### Provided entries
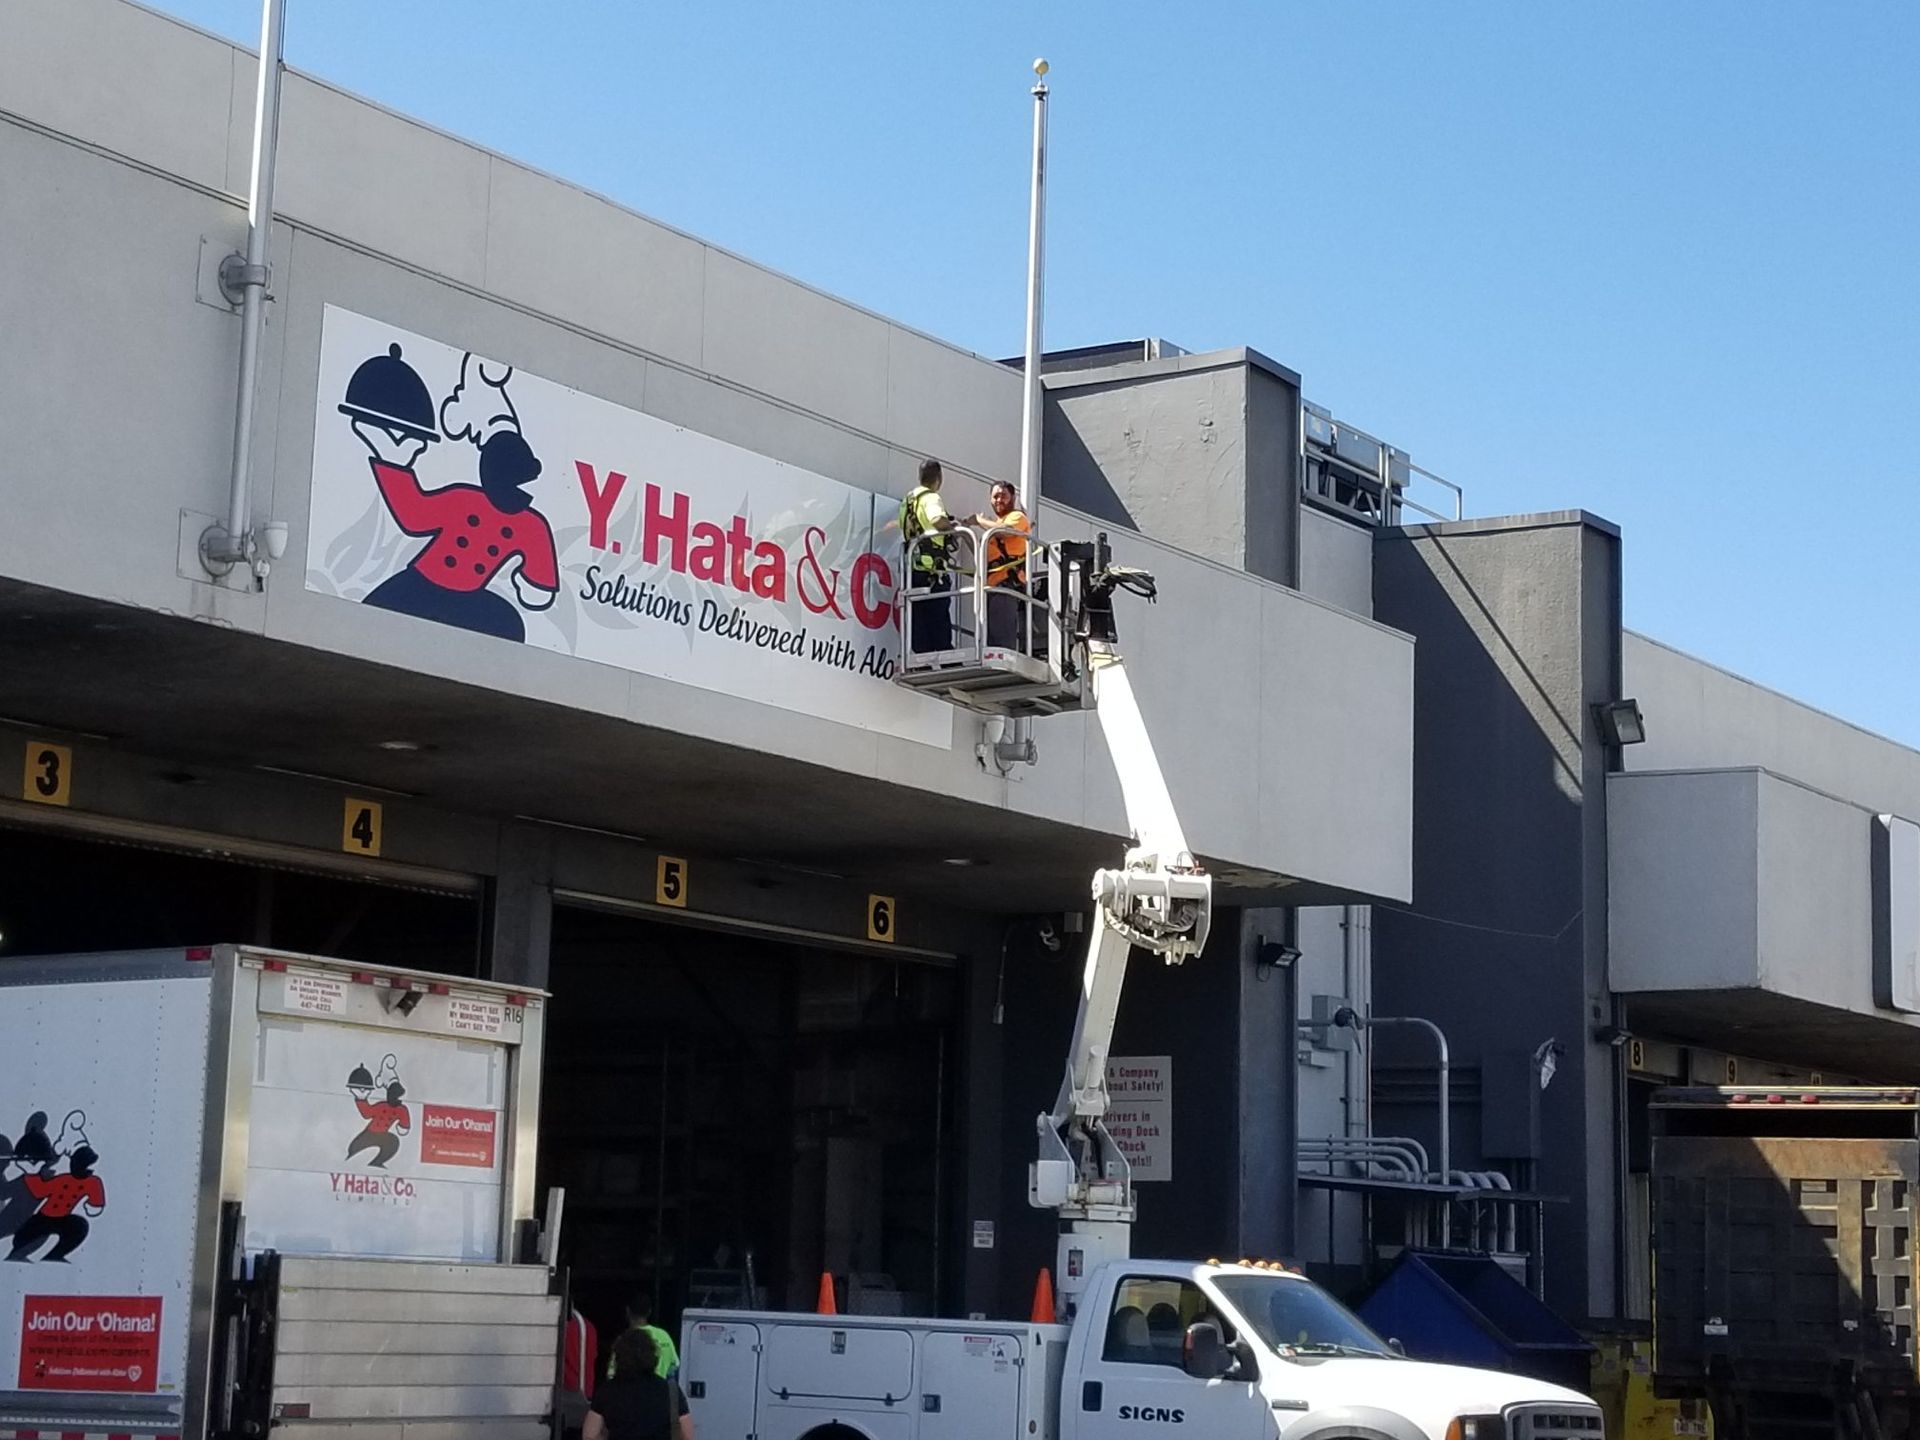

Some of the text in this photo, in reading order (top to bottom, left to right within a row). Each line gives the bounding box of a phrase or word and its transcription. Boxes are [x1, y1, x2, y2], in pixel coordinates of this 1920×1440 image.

[574, 459, 627, 554] Y.
[642, 482, 787, 603] Hata
[796, 526, 848, 621] &
[579, 565, 896, 681] Solutions Delivered with Alo
[36, 750, 60, 796] 3
[352, 808, 373, 848] 4
[663, 862, 681, 900] 5
[873, 901, 889, 935] 6
[504, 1007, 522, 1023] R16
[1633, 1042, 1641, 1066] 8
[1120, 1067, 1159, 1079] Company
[1728, 1060, 1736, 1082] 9
[1108, 1081, 1163, 1092] bout Safety!
[425, 1115, 444, 1128] Join
[445, 1116, 460, 1129] Our
[1141, 1111, 1151, 1121] in
[1136, 1125, 1160, 1136] Dock
[344, 1173, 379, 1194] Hata
[28, 1312, 61, 1330] Join
[64, 1312, 95, 1331] Our
[1118, 1405, 1185, 1423] SIGNS

### Exercise objective
Line by line, return the listing above exactly, dropping every picture.

### Solved problem
Some of the text in this photo, in reading order (top to bottom, left to right within a row). Each line gives the bounding box of a phrase or word and its transcription. Boxes are [x1, y1, x2, y2], in pixel coordinates of this 1920×1440 image.

[574, 459, 627, 554] Y.
[642, 482, 787, 603] Hata
[796, 526, 848, 621] &
[579, 565, 896, 681] Solutions Delivered with Alo
[36, 750, 60, 796] 3
[352, 808, 373, 848] 4
[663, 862, 681, 900] 5
[873, 901, 889, 935] 6
[504, 1007, 522, 1023] R16
[1633, 1042, 1641, 1066] 8
[1120, 1067, 1159, 1079] Company
[1728, 1060, 1736, 1082] 9
[1108, 1081, 1163, 1092] bout Safety!
[425, 1115, 444, 1128] Join
[445, 1116, 460, 1129] Our
[1141, 1111, 1151, 1121] in
[1136, 1125, 1160, 1136] Dock
[344, 1173, 379, 1194] Hata
[28, 1312, 61, 1330] Join
[64, 1312, 95, 1331] Our
[1118, 1405, 1185, 1423] SIGNS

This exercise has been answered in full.